/---

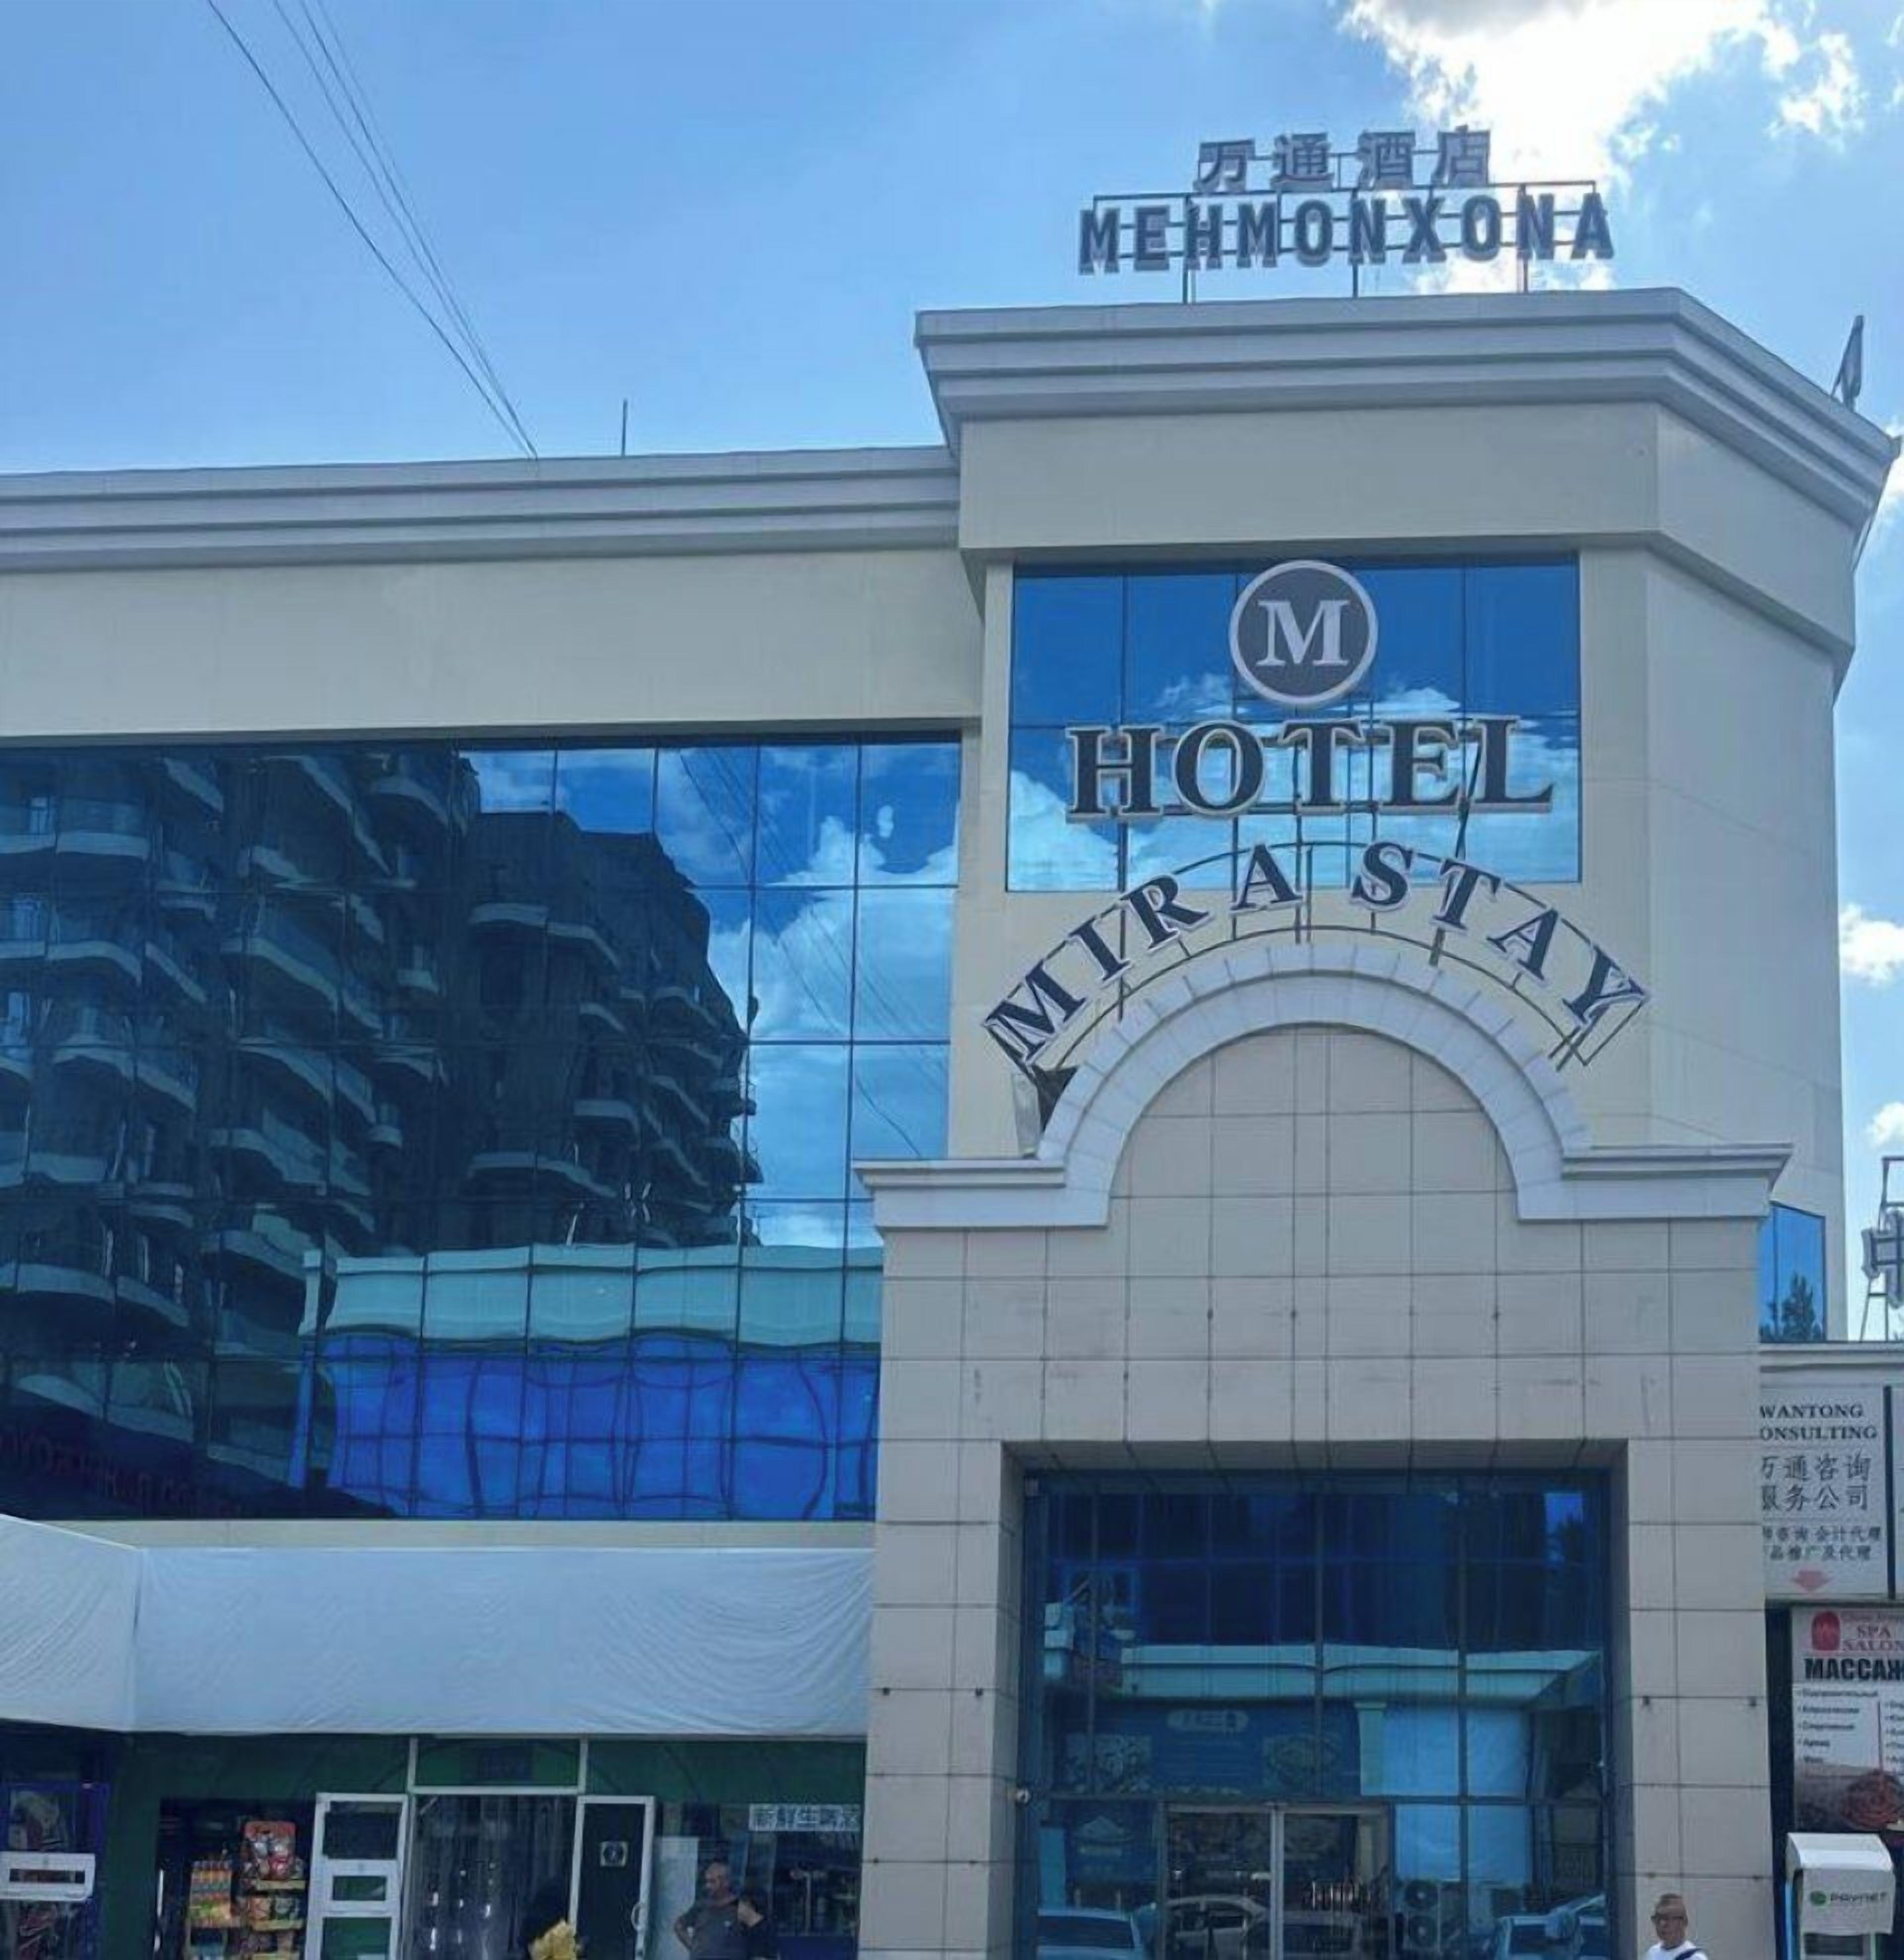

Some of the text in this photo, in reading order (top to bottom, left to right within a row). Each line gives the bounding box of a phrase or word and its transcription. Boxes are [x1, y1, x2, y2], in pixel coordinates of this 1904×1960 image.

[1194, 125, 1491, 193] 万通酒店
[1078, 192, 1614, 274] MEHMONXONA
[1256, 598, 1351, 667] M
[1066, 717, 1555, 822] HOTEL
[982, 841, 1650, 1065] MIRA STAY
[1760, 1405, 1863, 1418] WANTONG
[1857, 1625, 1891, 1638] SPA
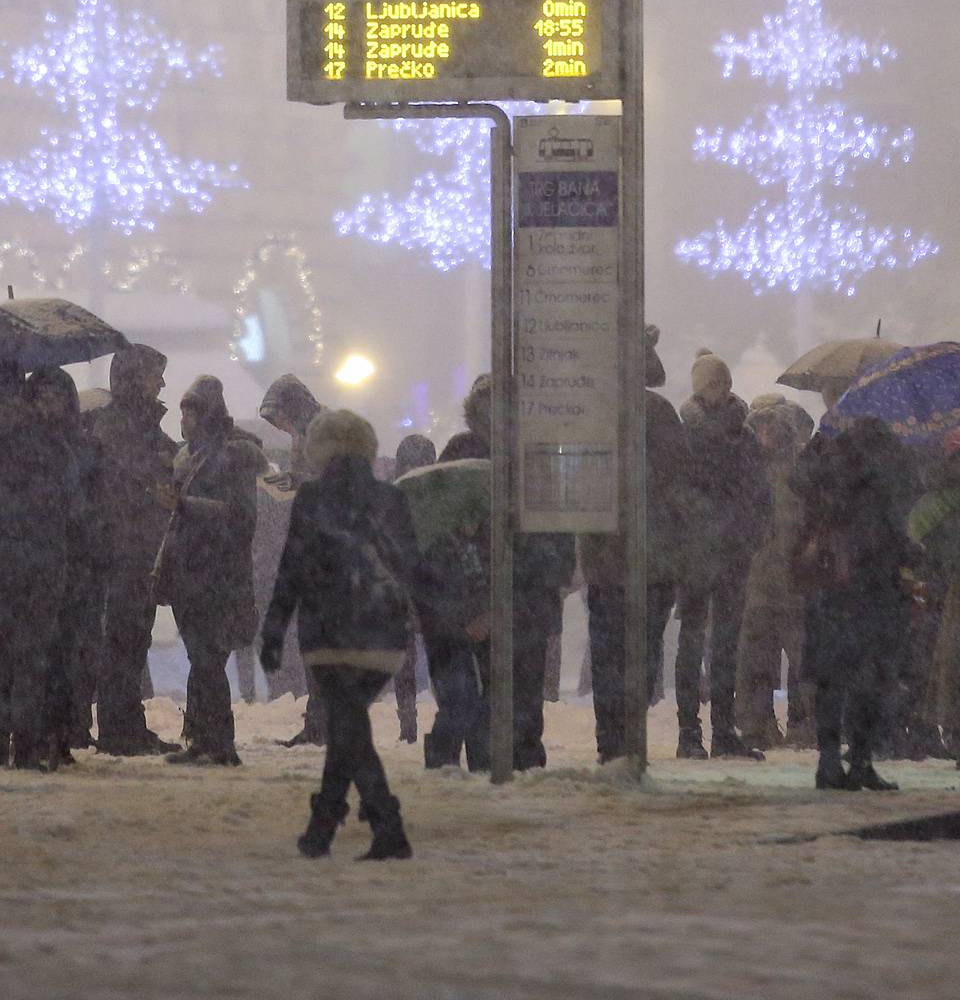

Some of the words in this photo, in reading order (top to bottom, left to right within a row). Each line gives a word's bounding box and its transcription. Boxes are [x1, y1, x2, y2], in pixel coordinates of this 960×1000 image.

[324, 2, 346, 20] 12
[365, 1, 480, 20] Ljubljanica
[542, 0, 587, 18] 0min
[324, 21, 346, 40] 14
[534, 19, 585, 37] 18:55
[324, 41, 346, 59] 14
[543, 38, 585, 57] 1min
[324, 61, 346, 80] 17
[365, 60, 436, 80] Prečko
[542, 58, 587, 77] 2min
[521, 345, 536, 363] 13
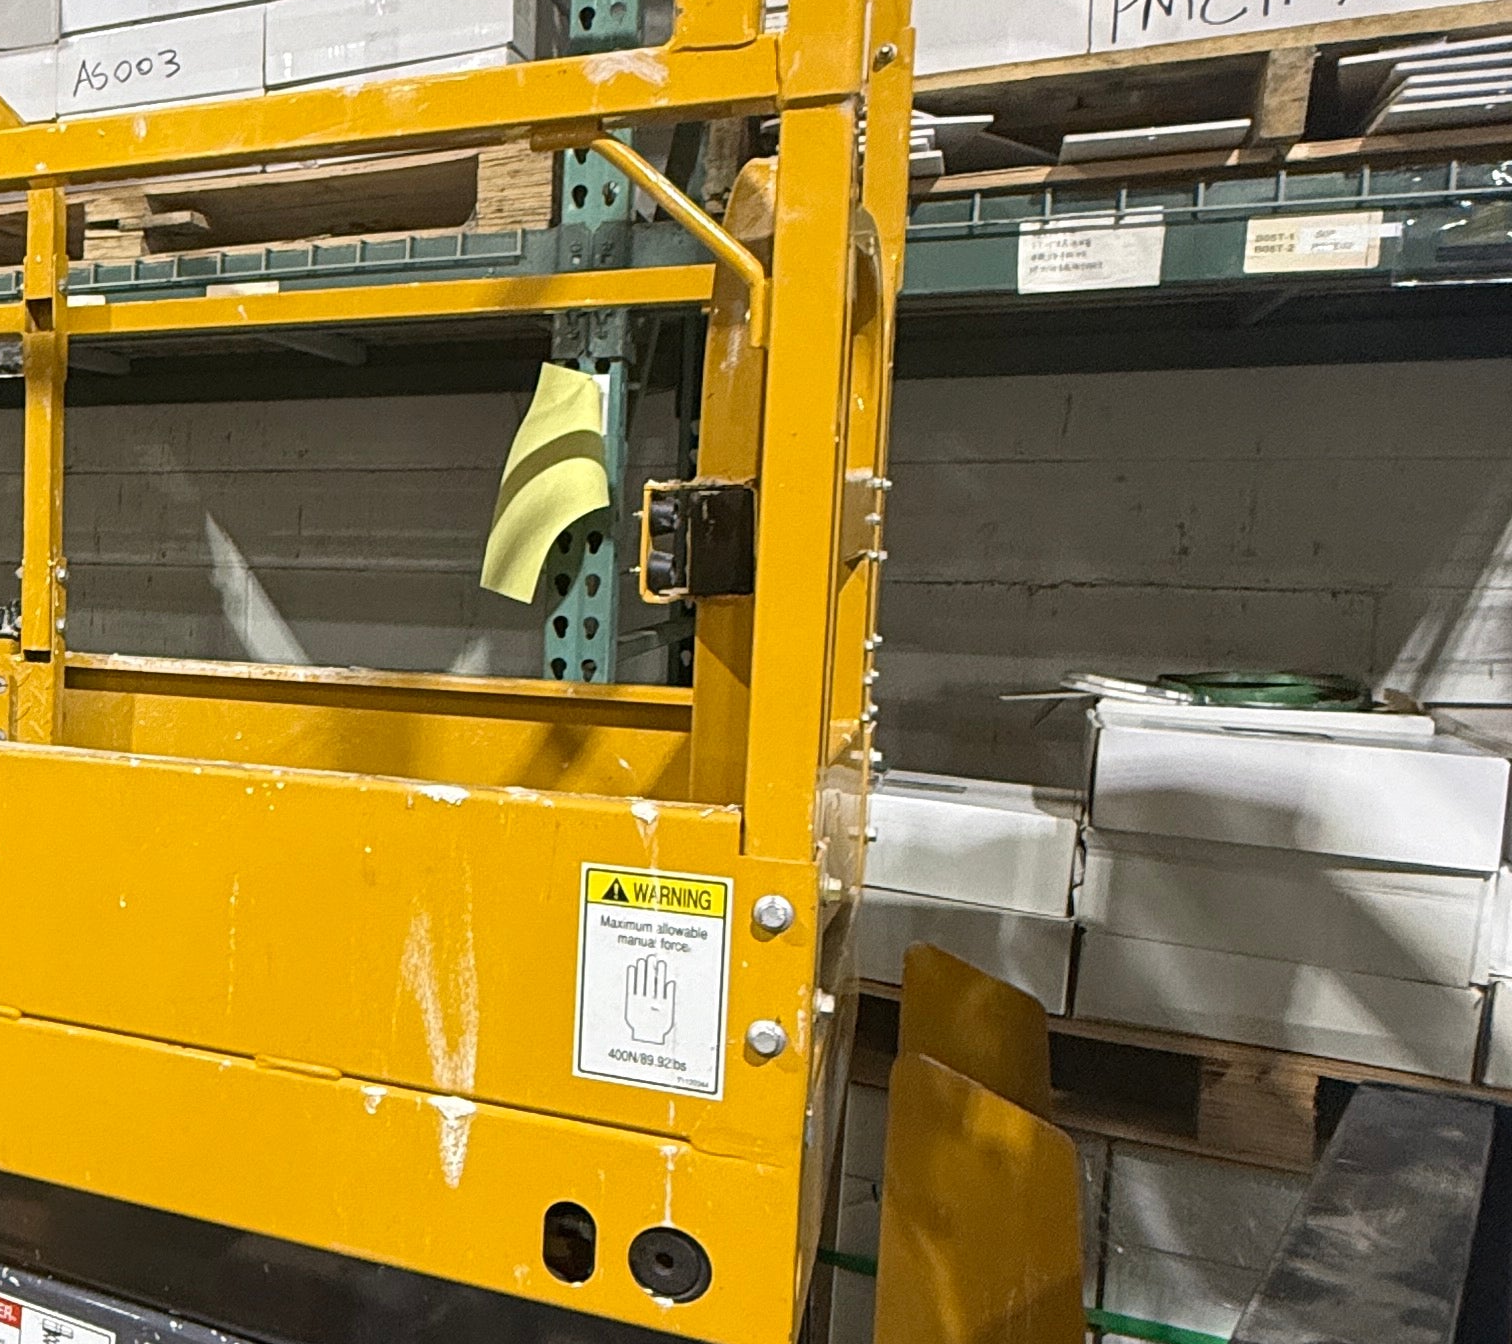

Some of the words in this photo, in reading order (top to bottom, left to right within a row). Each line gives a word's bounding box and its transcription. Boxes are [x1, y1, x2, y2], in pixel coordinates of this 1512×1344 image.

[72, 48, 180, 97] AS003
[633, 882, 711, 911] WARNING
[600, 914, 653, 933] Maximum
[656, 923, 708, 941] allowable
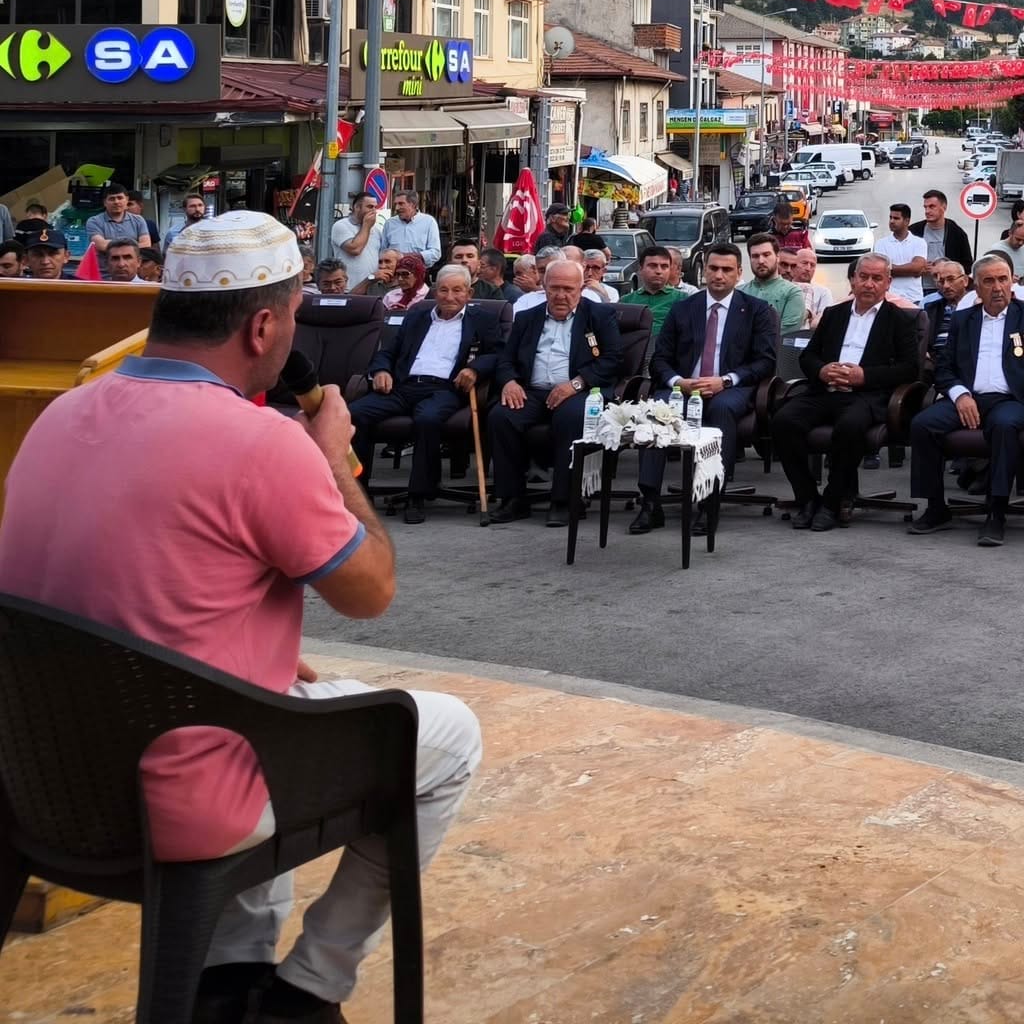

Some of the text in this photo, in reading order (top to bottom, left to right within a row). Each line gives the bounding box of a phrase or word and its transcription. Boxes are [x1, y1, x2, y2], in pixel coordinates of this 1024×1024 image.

\---

(YOUR TASK):
Please return all of the entries word for word, excluding the pictures.

(ANSWER FOR THIS EXERCISE):
Some of the text in this photo, in reading order (top to bottom, left to right within a row). Each line gives the bounding box of a phrase or word and its transcription. Boxes are [x1, y1, x2, y2], in pixel coordinates of this 1904×1960 image.

[1194, 125, 1491, 193] 万通酒店
[1078, 192, 1614, 274] MEHMONXONA
[1256, 598, 1351, 667] M
[1066, 717, 1555, 822] HOTEL
[982, 841, 1650, 1065] MIRA STAY
[1760, 1405, 1863, 1418] WANTONG
[1857, 1625, 1891, 1638] SPA

Some of the words in this photo, in reading order (top to bottom, left to right within a row). Each line gives a word's bounding box and its transcription. Boxes are [x1, y1, x2, y2], in pixel coordinates of this 960×1000 image.

[324, 2, 346, 20] 12
[365, 1, 480, 20] Ljubljanica
[542, 0, 587, 18] 0min
[324, 21, 346, 40] 14
[534, 19, 585, 37] 18:55
[324, 41, 346, 59] 14
[543, 38, 585, 57] 1min
[324, 61, 346, 80] 17
[365, 60, 436, 80] Prečko
[542, 58, 587, 77] 2min
[521, 345, 536, 363] 13

Some of the words in this photo, in reading order (top to bottom, left to right within a row). Each line gives a word's bounding box and its transcription. Boxes are [x1, y1, x2, y2], in pixel coordinates of this 1512×1344 image.

[72, 48, 180, 97] AS003
[633, 882, 711, 911] WARNING
[600, 914, 653, 933] Maximum
[656, 923, 708, 941] allowable

Some of the text in this photo, in reading order (top to bottom, left to right within a row). Each line gives the bounding box of a phrase or word and its transcription. Boxes are [x1, y1, x2, y2], in pixel coordinates of this 1024×1024 image.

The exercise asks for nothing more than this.